MAKING BAD DECISIONS :
There are many of us who have made ‑financial decisions in absence of the right knowledge. Without proper awareness and disclosures, there are countless people who have fallen prey to fake money making schemes and promises. We tend to follow our friends and families in making the same mistakes that they have made on the assumption that they are right, or worse, it will be a shared fate if wrong. Quite often, the outcomes are nothing proud to speak of. As a safety net, we should all resolve to never put in even a rupee in unregulated plans that are from doubtful promoters.
NOT PROTECTED :
There is one big reason why some of us fall into debt traps or lose all our existing wealth. A common situation in all such cases is that the person, family or business is not adequately protected. Any unforeseen, unwelcome event can potentially wipe out all your wealth and dreams.
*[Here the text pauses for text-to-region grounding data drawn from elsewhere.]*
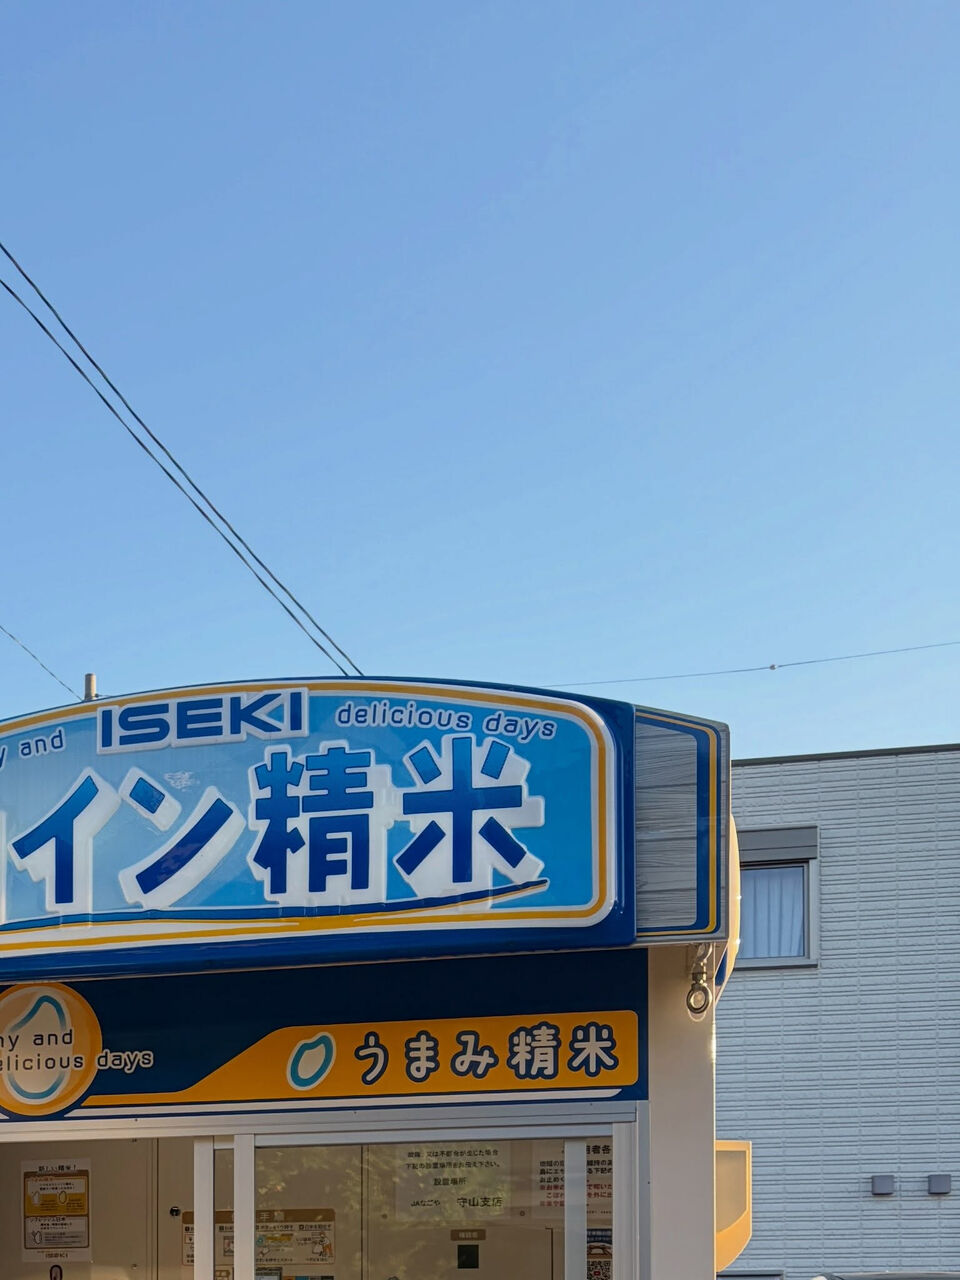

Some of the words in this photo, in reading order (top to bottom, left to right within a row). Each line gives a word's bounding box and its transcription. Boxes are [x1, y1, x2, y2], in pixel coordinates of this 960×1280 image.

[101, 691, 303, 749] ISEKI
[338, 701, 471, 728] delicious
[484, 712, 554, 739] days
[20, 729, 64, 757] and
[33, 1029, 73, 1045] and
[96, 1050, 153, 1073] days
[357, 1024, 616, 1083] うまみ精米
[457, 1197, 502, 1208] 守山支店
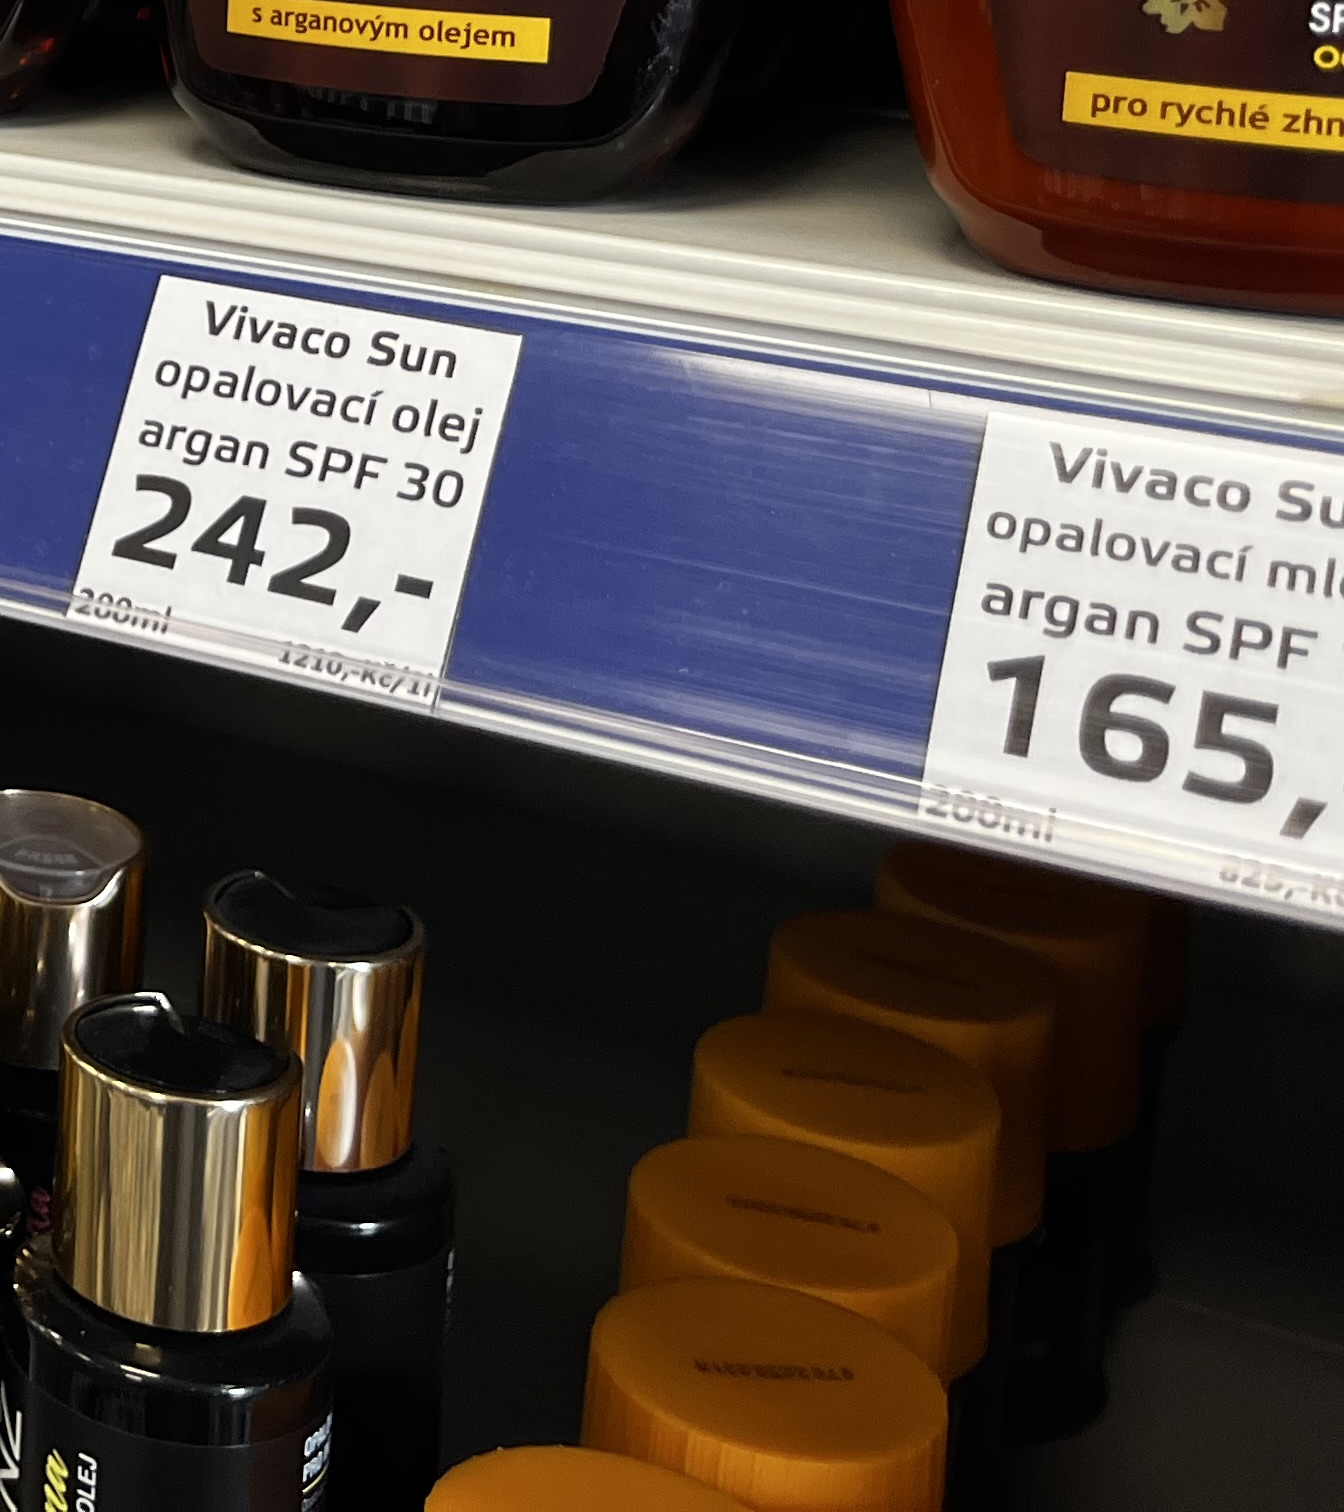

It is a losing game if we do not get ourselves, our families and our professional /business assets protected. Our ‑financial well-being and dreams are just too big to put on the table, just to save the costs of protection.
ALL EGGS IN ONE BASKET :
What do we find common among all the rich people? A likely answer to that question is income from multiple sources. Most of the wealthy people tend to spread their risks and also put their stakes in multiple opportunities. This is done by engaging themselves and having ‑financial interests in multiple income sources and/or businesses. But it need not only be limited to businesses. Aiming to generate and then reinvesting the income from investments is also a great way to build wealth. Most of us who are not wealthy are dependent on a single salary or business income.
FIND A MENTOR :
Finding a guide or a mentor or the right ‑financial planner /advisor can do wonders for our financial well-being. In a life where we may not have any close role models who are wealthy, having someone
to guide our financial decisions can be wondrous. A mentor will be someone who is trustworthy, knowledgeable and genuinely concerned about your ‑financial progress. The most valuable role of
your mentor will be to manage your emotions and make sure that you are not biased or emotionally driven to take wrong ‑financial decisions.
While it is not in our hands to decide fate and destiny, it is definitely in our hands to influence it in ‑financial terms. Be it savings, investments or protection, it is all well within the realms of reality, that we take the right, informed decisions. The story of being wealthy begins by having the right self belief, a strong intent, backed with actions and decisions and sometimes guided by the right people. An important part of being wealthy is also about managing our emotions and our habits where we do not procrastinate our ‑financial decisions and keep control on our spendings. None of the reasons why we are not wealthy are beyond our control. What is now required is that we practice what we have read.